Image-backed grounding data:
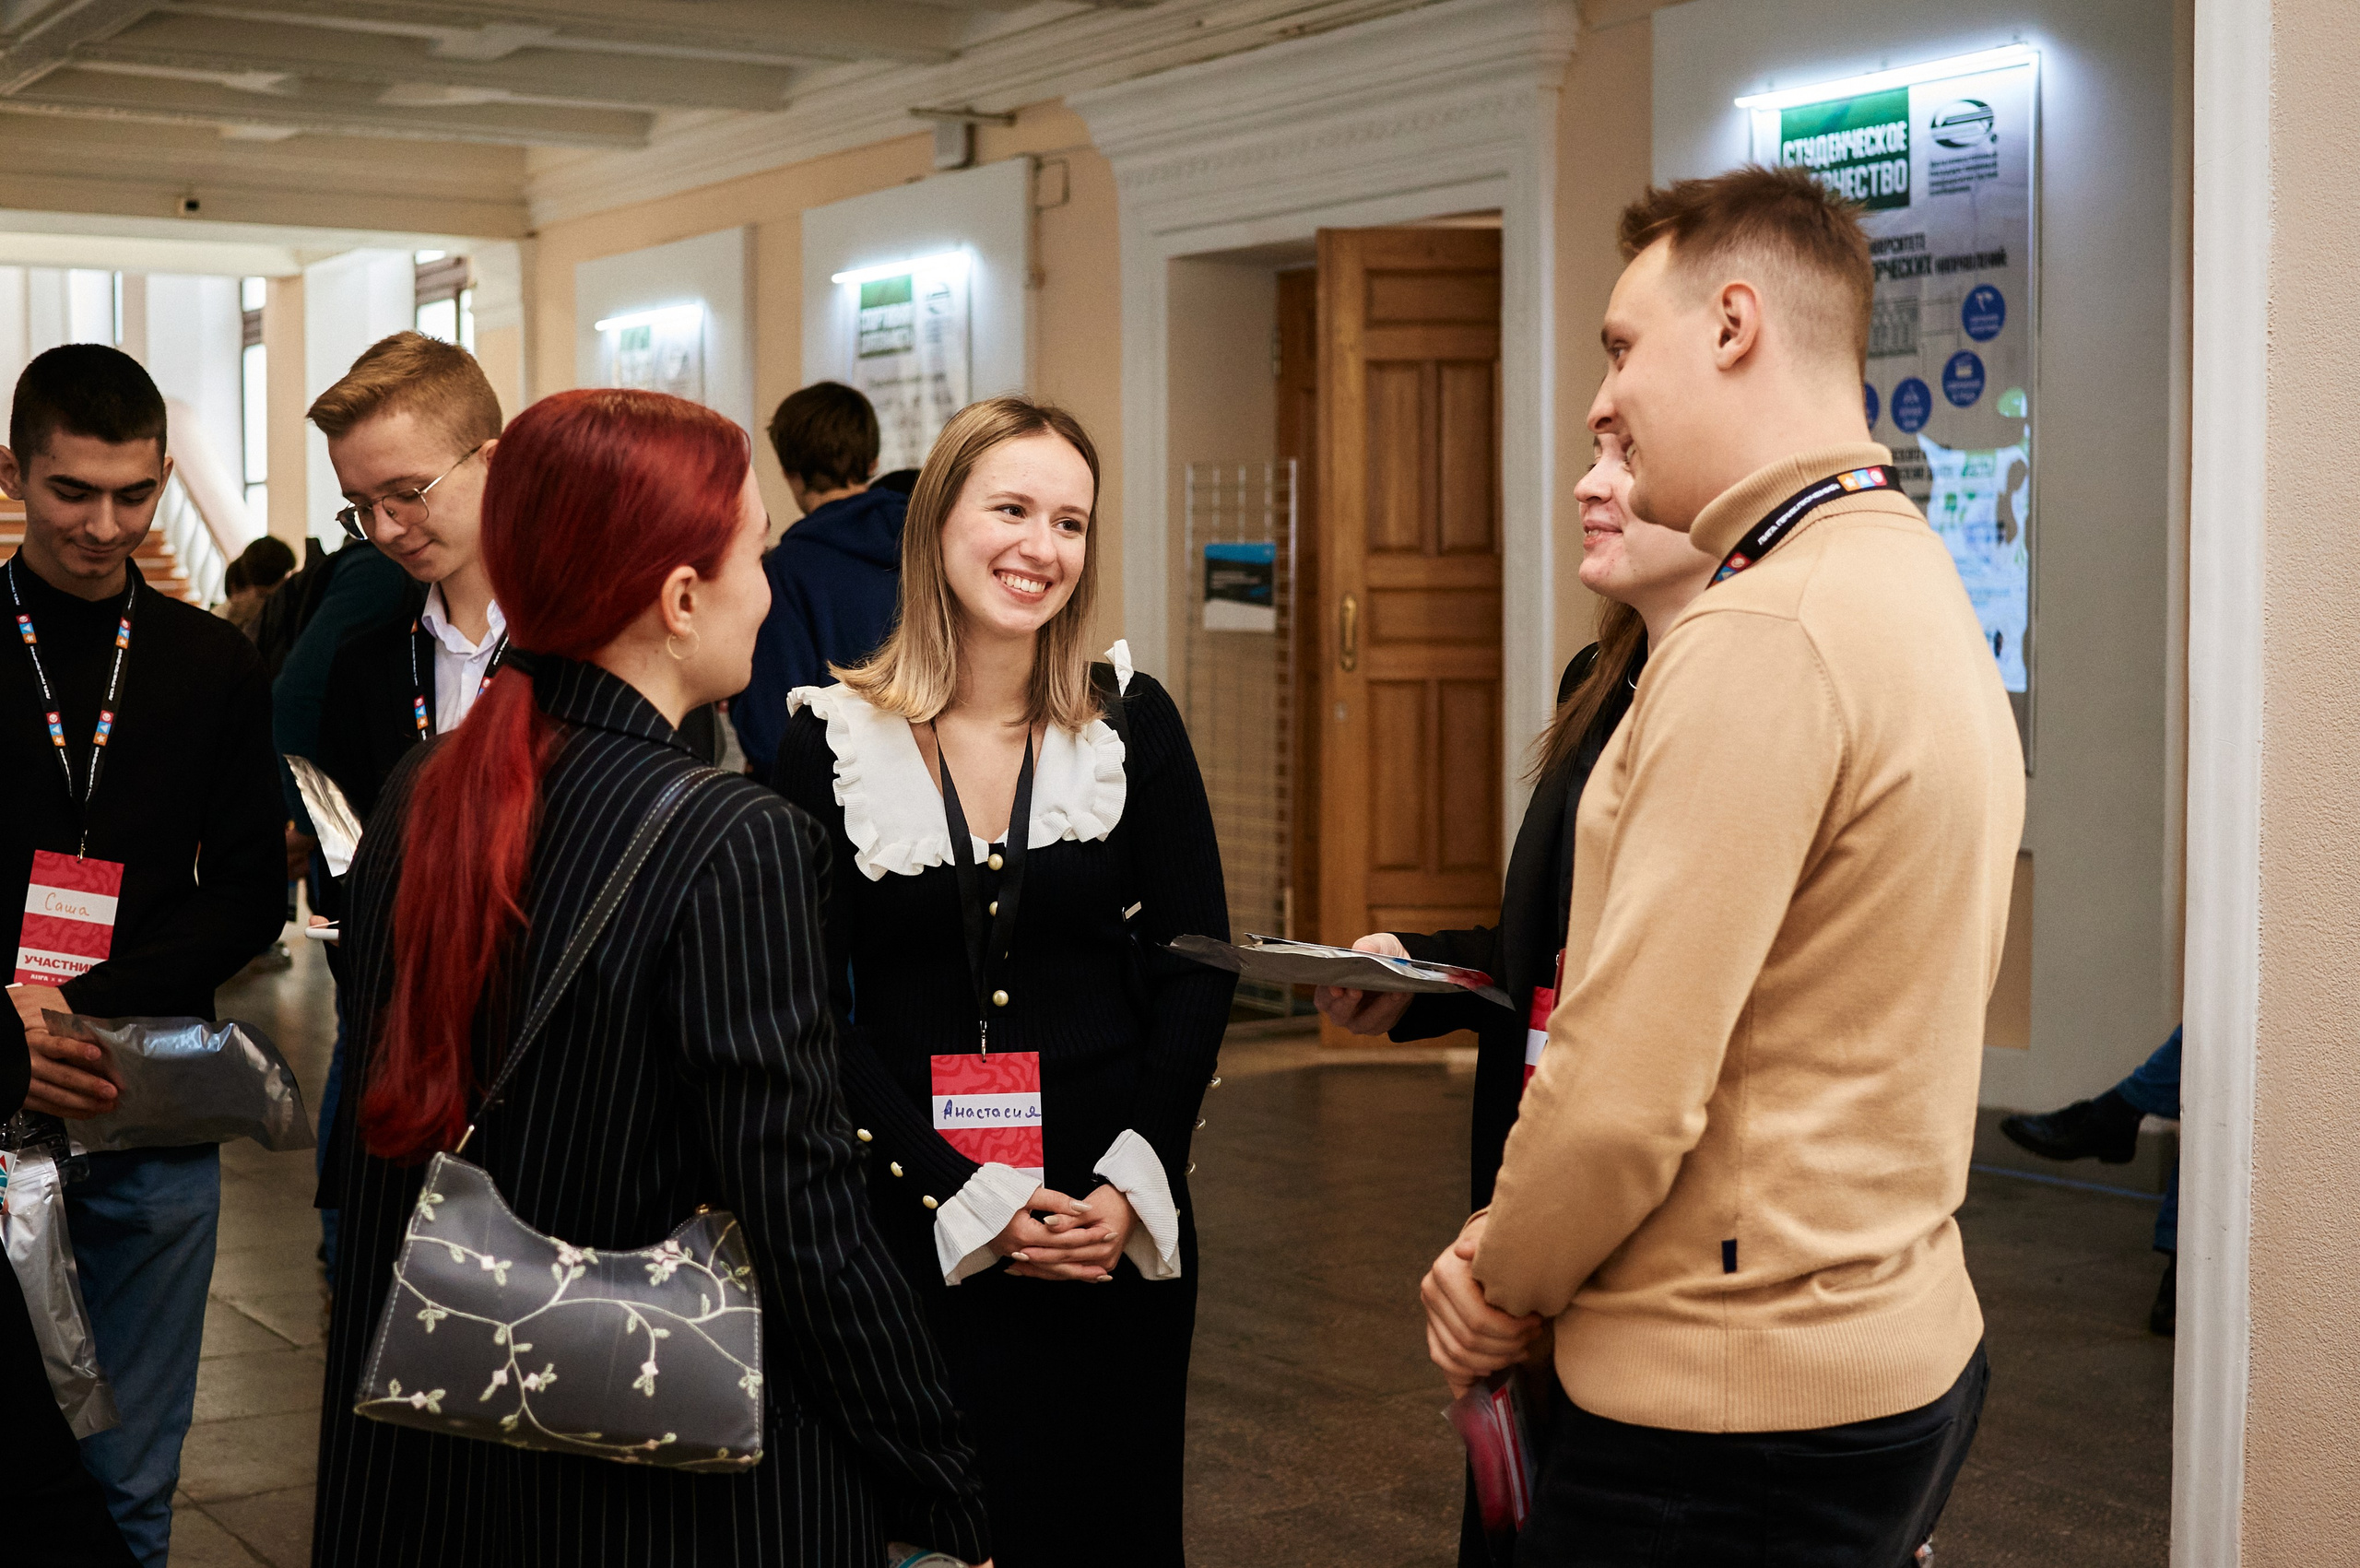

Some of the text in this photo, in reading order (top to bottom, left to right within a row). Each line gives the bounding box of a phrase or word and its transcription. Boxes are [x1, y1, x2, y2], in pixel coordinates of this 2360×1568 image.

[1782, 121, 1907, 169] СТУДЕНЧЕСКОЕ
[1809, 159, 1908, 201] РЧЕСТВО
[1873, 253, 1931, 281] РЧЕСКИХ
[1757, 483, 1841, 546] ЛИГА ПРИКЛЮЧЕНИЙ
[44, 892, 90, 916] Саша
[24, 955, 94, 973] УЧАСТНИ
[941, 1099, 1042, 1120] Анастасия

__REQUIREMENT__:
Word for word, set down every line of the records above, and leave the pictures out.

__SOLUTION TO THIS PROBLEM__:
Some of the text in this photo, in reading order (top to bottom, left to right within a row). Each line gives the bounding box of a phrase or word and its transcription. Boxes are [x1, y1, x2, y2], in pixel coordinates of this 2360×1568 image.

[1782, 121, 1907, 169] СТУДЕНЧЕСКОЕ
[1809, 159, 1908, 201] РЧЕСТВО
[1873, 253, 1931, 281] РЧЕСКИХ
[1757, 483, 1841, 546] ЛИГА ПРИКЛЮЧЕНИЙ
[44, 892, 90, 916] Саша
[24, 955, 94, 973] УЧАСТНИ
[941, 1099, 1042, 1120] Анастасия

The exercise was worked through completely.